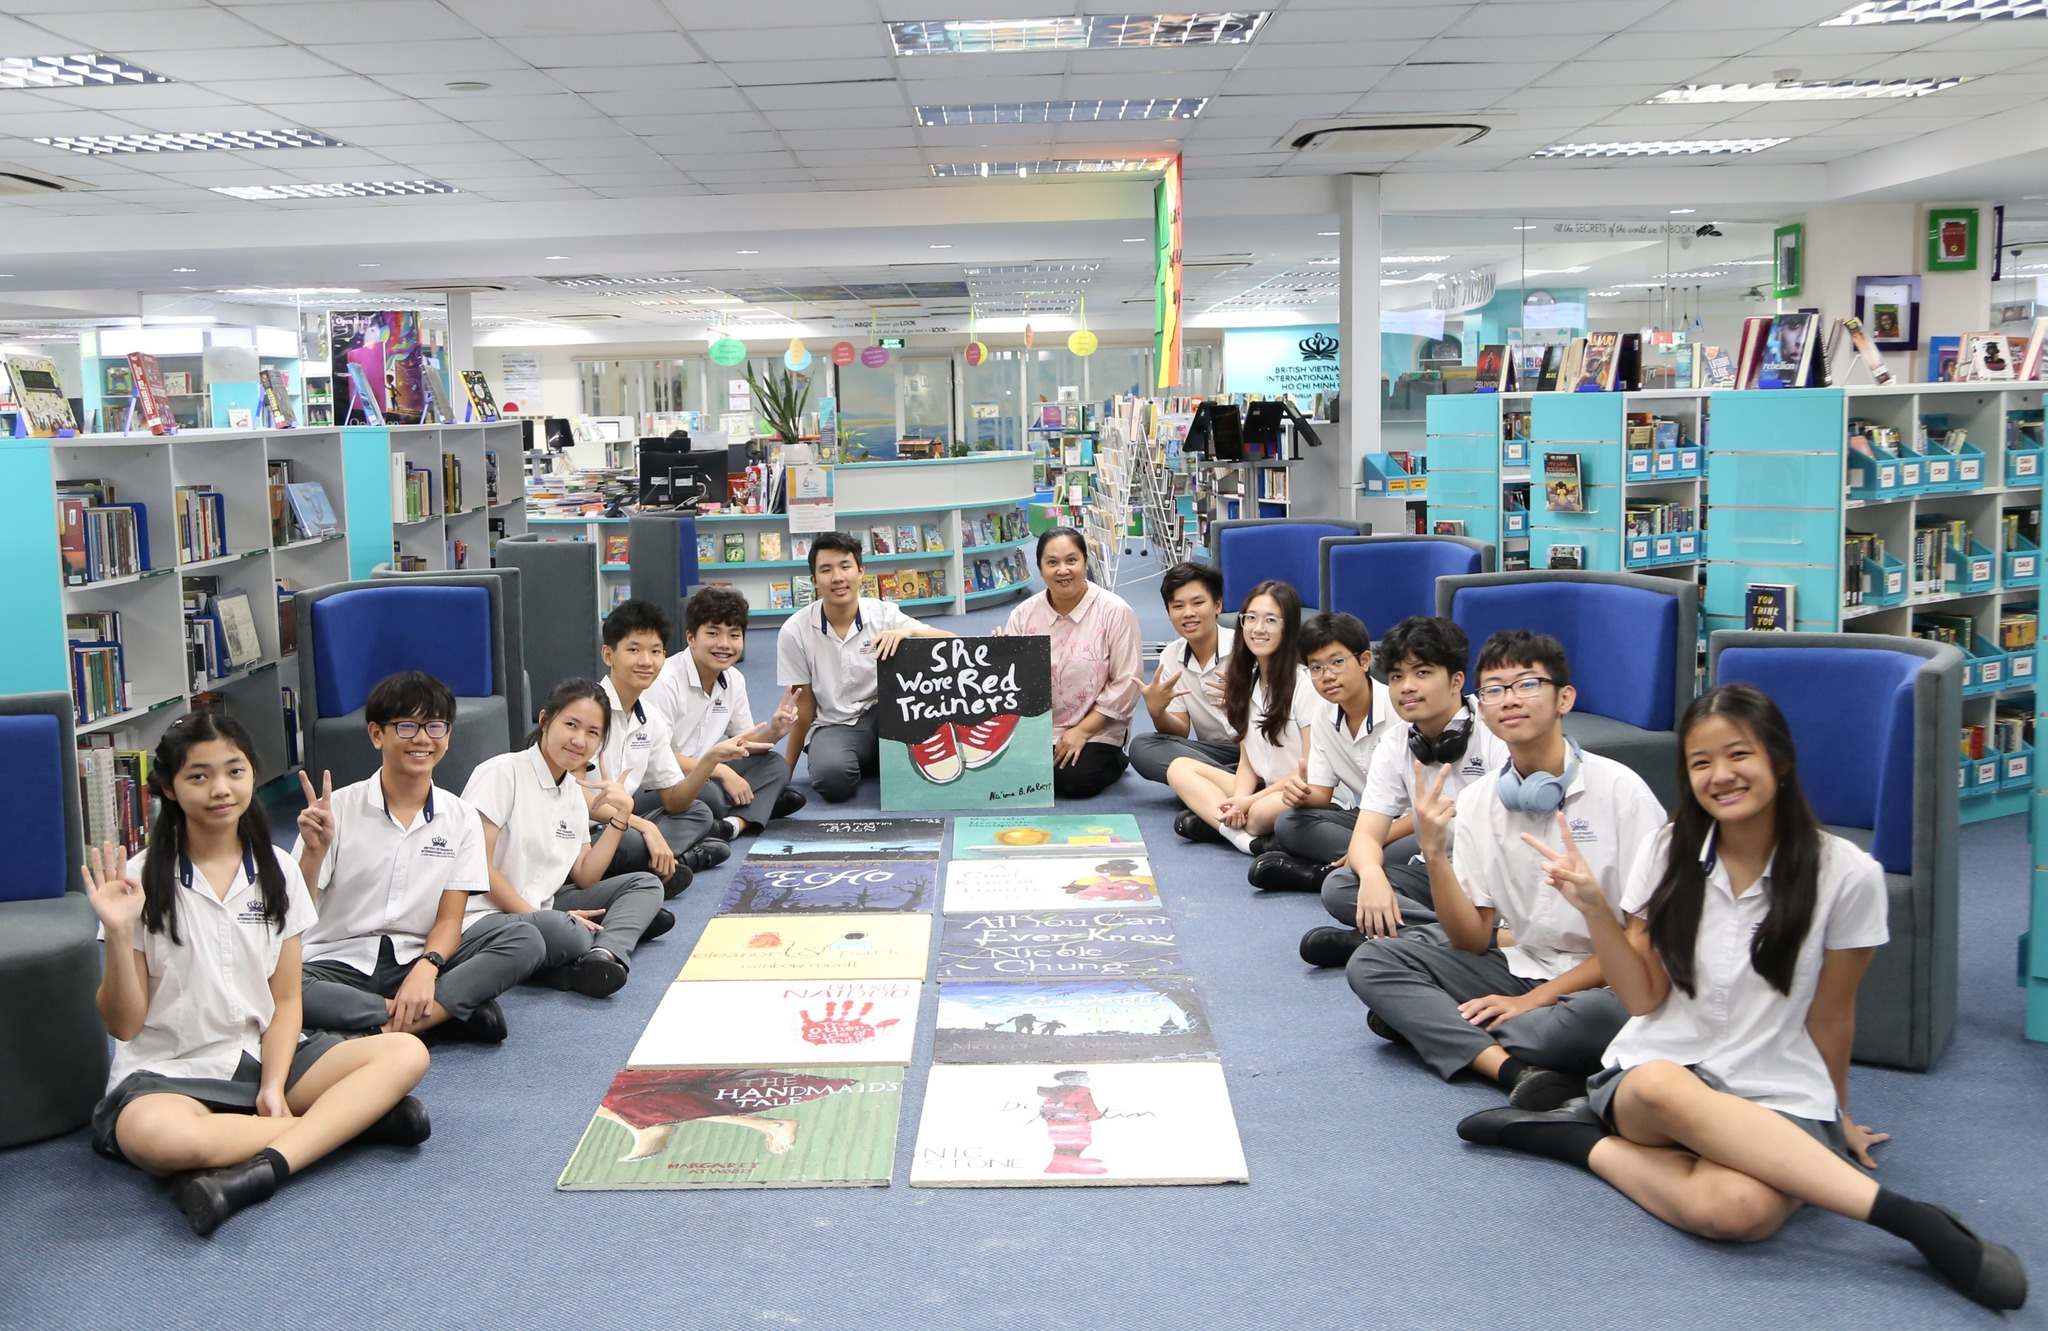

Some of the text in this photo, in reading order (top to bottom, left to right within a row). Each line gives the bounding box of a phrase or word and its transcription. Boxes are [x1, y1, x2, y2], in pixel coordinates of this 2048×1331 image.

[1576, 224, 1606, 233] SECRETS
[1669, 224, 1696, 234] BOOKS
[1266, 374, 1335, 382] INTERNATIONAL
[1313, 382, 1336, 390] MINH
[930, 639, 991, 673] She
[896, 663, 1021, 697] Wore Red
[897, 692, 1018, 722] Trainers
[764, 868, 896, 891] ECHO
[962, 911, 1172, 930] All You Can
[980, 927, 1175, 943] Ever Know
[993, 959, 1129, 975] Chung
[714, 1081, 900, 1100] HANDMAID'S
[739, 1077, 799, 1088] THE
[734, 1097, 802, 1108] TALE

:::

◆ TASK PROMPT: Copy all of the data word for word, and keep the pictures out of it.

◆ REPLY TO THE TASK:
Some of the text in this photo, in reading order (top to bottom, left to right within a row). Each line gives the bounding box of a phrase or word and its transcription. Boxes are [x1, y1, x2, y2], in pixel coordinates of this 2048×1331 image.

[1576, 224, 1606, 233] SECRETS
[1669, 224, 1696, 234] BOOKS
[1266, 374, 1335, 382] INTERNATIONAL
[1313, 382, 1336, 390] MINH
[930, 639, 991, 673] She
[896, 663, 1021, 697] Wore Red
[897, 692, 1018, 722] Trainers
[764, 868, 896, 891] ECHO
[962, 911, 1172, 930] All You Can
[980, 927, 1175, 943] Ever Know
[993, 959, 1129, 975] Chung
[714, 1081, 900, 1100] HANDMAID'S
[739, 1077, 799, 1088] THE
[734, 1097, 802, 1108] TALE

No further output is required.